Stored data:
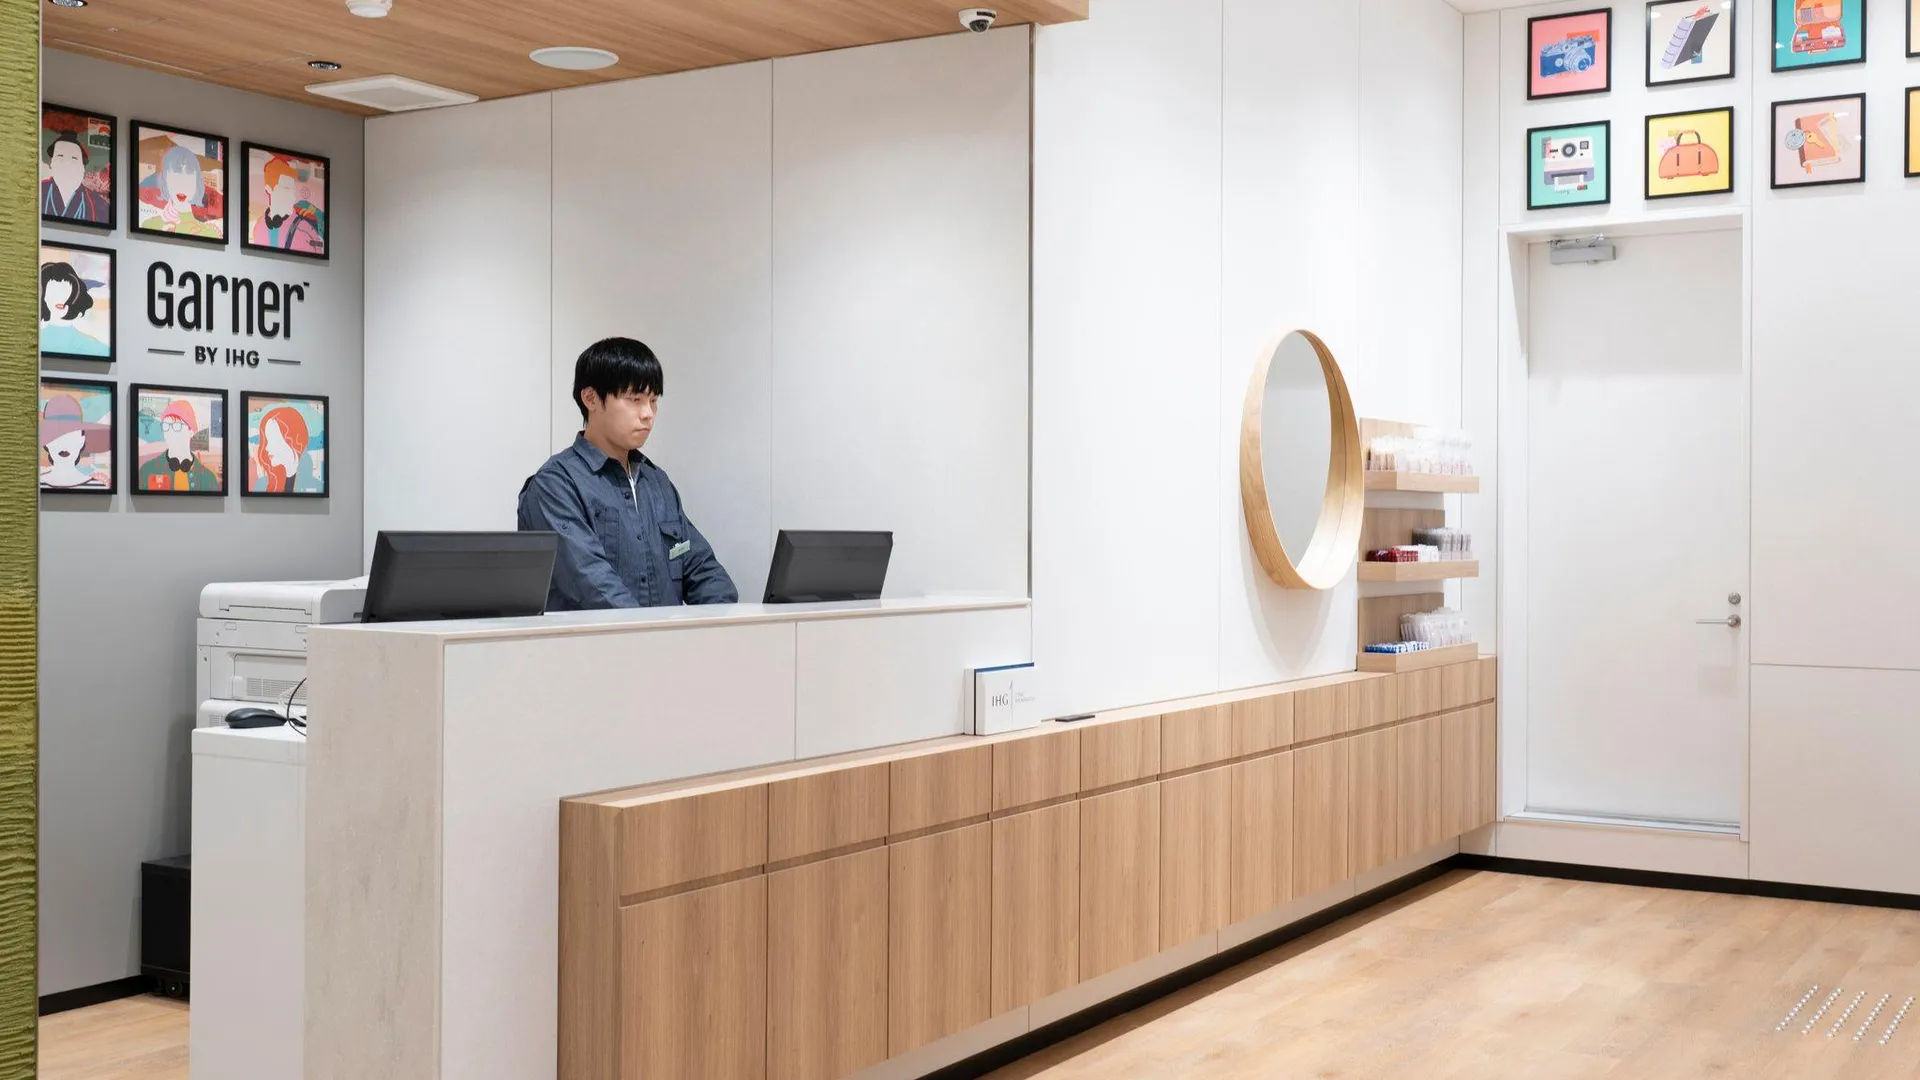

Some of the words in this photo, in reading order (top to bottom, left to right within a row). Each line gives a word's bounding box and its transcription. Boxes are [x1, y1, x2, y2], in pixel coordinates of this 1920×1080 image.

[195, 345, 217, 363] BY
[226, 348, 260, 367] IHG
[992, 693, 1009, 707] IHG
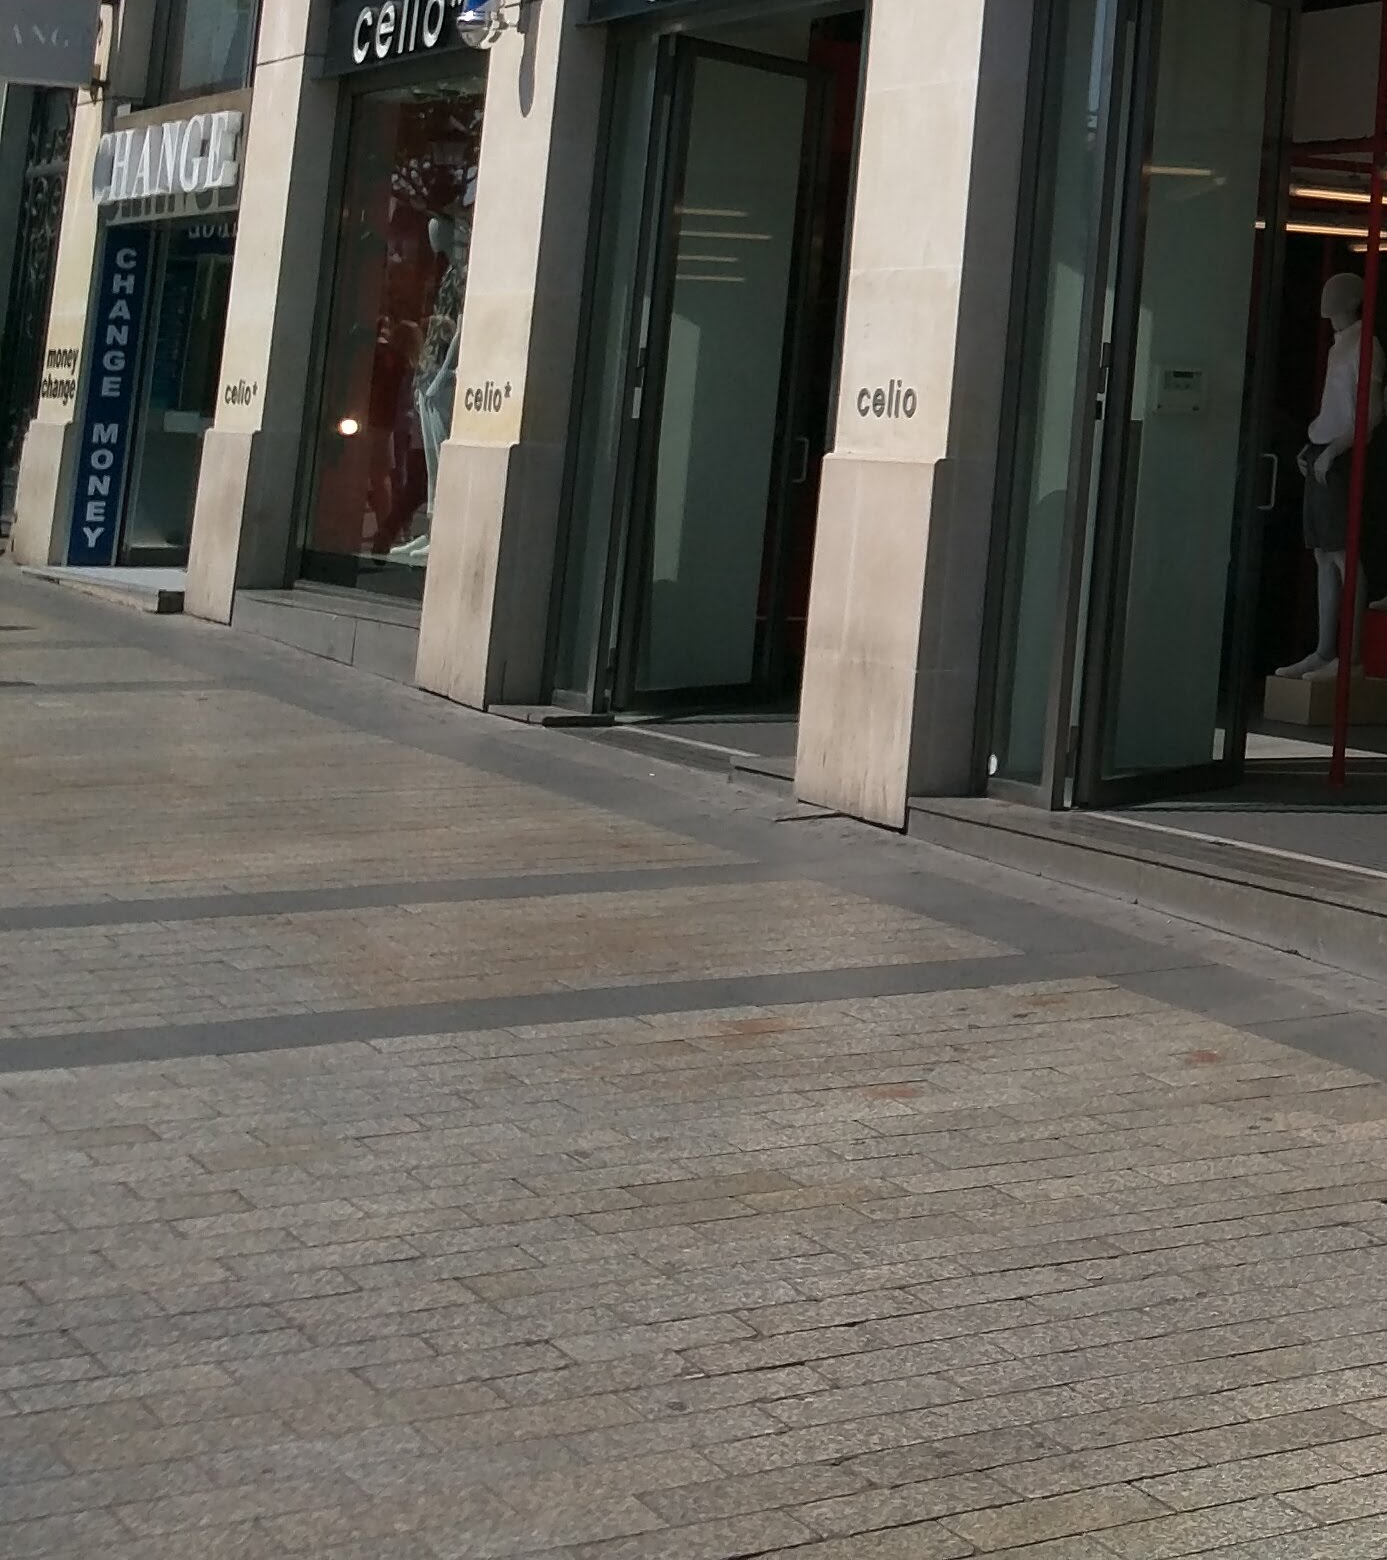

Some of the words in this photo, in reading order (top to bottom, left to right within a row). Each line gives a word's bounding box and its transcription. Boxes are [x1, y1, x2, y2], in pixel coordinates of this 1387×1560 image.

[93, 111, 240, 203] CHANGE
[101, 248, 137, 397] CHANGE
[42, 374, 75, 406] change
[47, 349, 79, 376] money
[857, 378, 917, 418] celio
[83, 422, 119, 548] MONEY

Exercise aim:
Word for word, restate the lines running from the one containing "this 1387×1560 image." through the final line of the records above, and nothing besides.

Solution to this task:
Some of the words in this photo, in reading order (top to bottom, left to right within a row). Each line gives a word's bounding box and its transcription. Boxes are [x1, y1, x2, y2], in pixel coordinates of this 1387×1560 image.

[93, 111, 240, 203] CHANGE
[101, 248, 137, 397] CHANGE
[42, 374, 75, 406] change
[47, 349, 79, 376] money
[857, 378, 917, 418] celio
[83, 422, 119, 548] MONEY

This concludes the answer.